Records for this task section start

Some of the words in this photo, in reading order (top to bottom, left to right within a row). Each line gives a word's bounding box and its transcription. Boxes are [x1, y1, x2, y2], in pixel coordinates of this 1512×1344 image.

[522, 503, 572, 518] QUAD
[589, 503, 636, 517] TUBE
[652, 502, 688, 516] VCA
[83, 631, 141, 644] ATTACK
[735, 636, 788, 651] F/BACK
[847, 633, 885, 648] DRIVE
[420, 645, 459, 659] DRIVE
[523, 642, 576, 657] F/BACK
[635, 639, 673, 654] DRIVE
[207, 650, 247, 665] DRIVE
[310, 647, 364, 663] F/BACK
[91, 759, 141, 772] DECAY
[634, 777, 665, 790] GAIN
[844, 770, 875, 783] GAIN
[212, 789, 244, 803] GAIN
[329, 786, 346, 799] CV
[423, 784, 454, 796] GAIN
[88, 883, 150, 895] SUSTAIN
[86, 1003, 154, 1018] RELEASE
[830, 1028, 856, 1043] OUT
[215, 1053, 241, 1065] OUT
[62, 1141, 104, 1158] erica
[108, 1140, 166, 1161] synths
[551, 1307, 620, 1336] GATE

Records for this task section end

Action item> The data should be written out again in full, exactly as it stands.

Answer space>
Some of the words in this photo, in reading order (top to bottom, left to right within a row). Each line gives a word's bounding box and its transcription. Boxes are [x1, y1, x2, y2], in pixel coordinates of this 1512×1344 image.

[522, 503, 572, 518] QUAD
[589, 503, 636, 517] TUBE
[652, 502, 688, 516] VCA
[83, 631, 141, 644] ATTACK
[735, 636, 788, 651] F/BACK
[847, 633, 885, 648] DRIVE
[420, 645, 459, 659] DRIVE
[523, 642, 576, 657] F/BACK
[635, 639, 673, 654] DRIVE
[207, 650, 247, 665] DRIVE
[310, 647, 364, 663] F/BACK
[91, 759, 141, 772] DECAY
[634, 777, 665, 790] GAIN
[844, 770, 875, 783] GAIN
[212, 789, 244, 803] GAIN
[329, 786, 346, 799] CV
[423, 784, 454, 796] GAIN
[88, 883, 150, 895] SUSTAIN
[86, 1003, 154, 1018] RELEASE
[830, 1028, 856, 1043] OUT
[215, 1053, 241, 1065] OUT
[62, 1141, 104, 1158] erica
[108, 1140, 166, 1161] synths
[551, 1307, 620, 1336] GATE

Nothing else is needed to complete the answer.